*Exercise aim*. Output each entry verbatim. Leave the images out.

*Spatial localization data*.
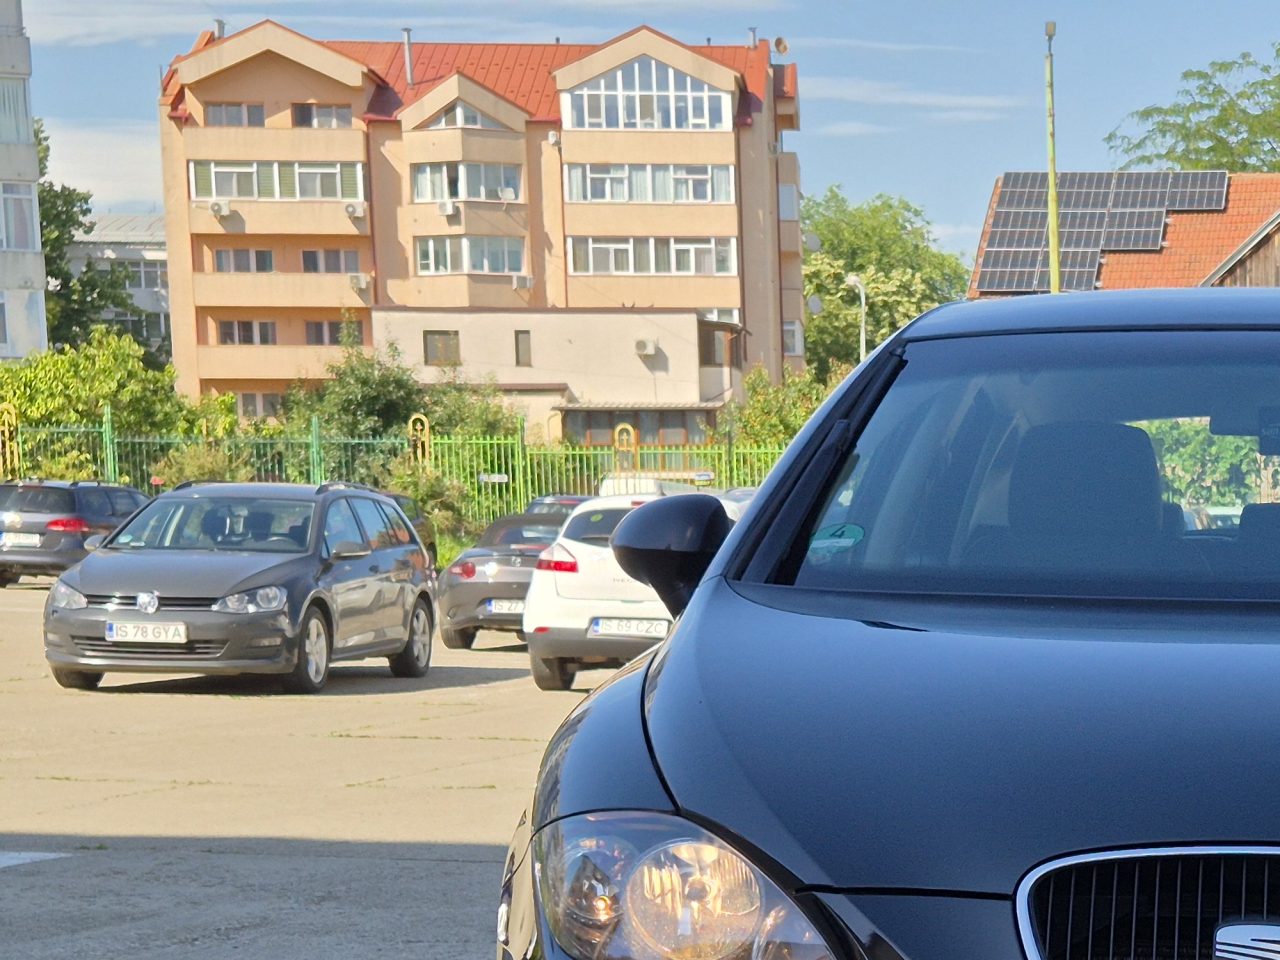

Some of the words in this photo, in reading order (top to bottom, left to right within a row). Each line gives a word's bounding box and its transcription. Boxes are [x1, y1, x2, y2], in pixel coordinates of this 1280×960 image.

[829, 524, 847, 539] 4
[115, 625, 129, 639] IS
[132, 625, 149, 639] 78
[152, 625, 182, 640] GYA

*Task result*.
Some of the words in this photo, in reading order (top to bottom, left to right within a row). Each line gives a word's bounding box and its transcription. Boxes are [x1, y1, x2, y2], in pixel coordinates of this 1280×960 image.

[829, 524, 847, 539] 4
[115, 625, 129, 639] IS
[132, 625, 149, 639] 78
[152, 625, 182, 640] GYA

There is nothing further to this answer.